Origin and Insertion: Originating 1.4 mm proximal and 3.1 mm posterior to the lateral epicondyle of the femur, the LCL runs approximately 0.69 mm along the lateral portion of the knee. It inserts 28.4 mm distal to the fibular styloid tip, where it there inhabits nearly 38% of the fibular head.[1] 

Anatomic differences from the MCL: The LCL differs from the medial collateral ligament (MCL), in the fact that it is known to be more cord-like, rather than the fan-like, and does not attach to a meniscus or joint capsule.[2]

Nerve/Blood Supply: Nerve supply to the LCL stems from the common fibular nerve. Blood supply ultimately arises from the popliteal artery, primarily from branches of the superior and inferior lateral genicular arteries.[3]

Surrounding Structures: Deep to the LCL, lays the popliteus tendon (PLT), which measures, on average, 55mm in length. Superficial to the LCL is the iliotibial band (ITB), which inserts along the anterolateral portion of the knee at Gerdy's tubercle.[4]

Biomechanics

The LCL is the primary resistor of varus stress in all degrees of knee flexion, with the popliteus tendon, cruciate ligaments, iliotibial band, biceps tendon, and lateral gastrocnemius tendon assisting as secondary varus stabilizers.[1] It also plays a significant role in providing posterolateral stability to the knee, primarily preventing medial translation of the tibia.[5]

The LCL and PLT make up the primary resistors of external tibial rotation of the knee in 0-30 degrees of knee flexion. As knee flexion increases past 60 degrees, studies show that the popliteofibular ligament (PFL) provides resistance to external tibial rotation.[6]

Although not primary stabilizers, studies show that the LCL and posterior-lateral corner structures play a minor role in stabilizing anterior and posterior tibial translation when the cruciate ligaments are torn.[7]

Etiology

The most common mechanism of injury is seen via a high-energy blow to the anteromedial knee, combining hyperextension and extreme varus force.[1] Noncontact hyperextension and noncontact varus stressors have also been reported to cause LCL injuries. 

Epidemiology

Frequency of Condition

Due to its close association with the PLC, PCL, and ACL, the LCL is rarely ever injured in isolation. Studies show that isolated LCL injuries in high school athletes are second to last in incidence at 7.9%. PCL injuries are the least common, at 2.4%.[8] Reportedly, 40% of PLC and LCL injuries are due to contact sports. Other instances are due to trauma, motor vehicle accidents, and falls.

Risk Factors

Although there have been few studies completed on isolated LCL injuries, reports show that female gender, high contact sports, and sports that require high velocity pivoting and jumping increase the likelihood of injury. These same studies show that while soccer has the highest likelihood of overall knee injury, tennis and gymnastics are most specific for isolated LCL injury. A United States military study has shown that prior knee, ankle, or hip injury predisposes soldiers to increased rates of lateral knee injuries.[9]

History and Physical

History

Patients tend to present with a history of an acute event consistent with a medial blow to the knee while fully extended, or extreme noncontact varus bending. They will complain of sudden onset lateral knee pain, swelling, and ecchymosis after the injury. the patient may also report thrust gait, where they will complain of the foot kicking in mid-stance.[10] Patients may complain of paresthesias over the lateral lower extremity as well as weakness and/or a foot-drop.[7]

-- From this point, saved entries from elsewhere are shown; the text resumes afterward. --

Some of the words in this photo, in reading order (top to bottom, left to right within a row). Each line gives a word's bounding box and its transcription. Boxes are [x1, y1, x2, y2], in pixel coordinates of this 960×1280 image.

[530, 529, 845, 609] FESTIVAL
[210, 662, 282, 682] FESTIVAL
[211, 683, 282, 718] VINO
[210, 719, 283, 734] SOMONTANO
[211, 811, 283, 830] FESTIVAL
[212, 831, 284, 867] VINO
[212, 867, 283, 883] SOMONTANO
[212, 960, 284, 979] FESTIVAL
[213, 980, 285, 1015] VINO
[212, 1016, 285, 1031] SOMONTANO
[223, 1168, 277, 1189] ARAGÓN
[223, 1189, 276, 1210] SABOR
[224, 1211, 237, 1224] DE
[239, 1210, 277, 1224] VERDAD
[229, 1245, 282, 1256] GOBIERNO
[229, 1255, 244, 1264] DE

It is imperative to gain a complete history with regards to these patients, including but not limited to, bleeding/clot disorders, previous surgeries, occupation, gait, ambulation-assisted devices, living situation (stairs at home).

Physical Exam

A comprehensive full range of motion knee exam is imperative for all patients. Attention should focus on tenderness to palpation of the lateral knee, the most common exam finding; this may also be evident along the infrapatellar bursa, Gerdy's tubercle, and the patellar tendon attachment. Ecchymosis, swelling, and warmth may be present. Gait, when possible, should be examined for the classical "varus thrust" finding.

Special Testing

  • Varus Stress Test: Studies show that this is the most useful test to assess LCL injury. The test is performed with the examiner's hand stabilizing the femur (monitoring the lateral joint line) while placing a varus force on the ankle. The test is first performed at 30 degrees. Any lateral compartment gaping is a positive indicator for LCL and potential PLC injury. The test is then done in full knee extension. If there is increased stability when tested in full extension, then it is positive for an isolated LCL injury. If instability persists when tested in full extension, then the test is positive for LCL and PLC injury.
  • External Rotation Recurvatum Test: This test measures the posterolateral rotary stability of the knee. The patient lies in the supine position. The examiner places a downward force through the suprapatellar region while lifting the big toe off the table and externally rotating the tibia with the other hand. Excess hyperextension, compared to the uninjured knee, illustrates a positive exam. It is important to note that this exam is less than 10% accurate in identifying PLC injuries, but is more accurate in diagnosing associated ACL injuries.
  • Posterolateral Drawer Test: Similar to the posterior drawer test, the patient lies in the prone position with the knee flexed to 90 degrees and externally rotated 15 degrees. The examiner grips the femoral condyles and directs a posterior force. Any excess posterolateral translation on the injured leg suggests a PLC injury.
  • Reverse Pivot Shift: This test is performed in the same position as the posterolateral drawer test. The examiner monitors the lateral joint line and slowly extends the knee while applying a valgus and external rotating force. At 30 degrees, the ITB transitions from a flexion vector to an extension vector, and reduces the previously subluxated lateral tibial plateau seen at 90 degrees. The test is positive if there is an audible "clank" heard at 30-degrees. It is important to compare results bilaterally, as a large percentage of noninjured knees may show false-positive results.[11]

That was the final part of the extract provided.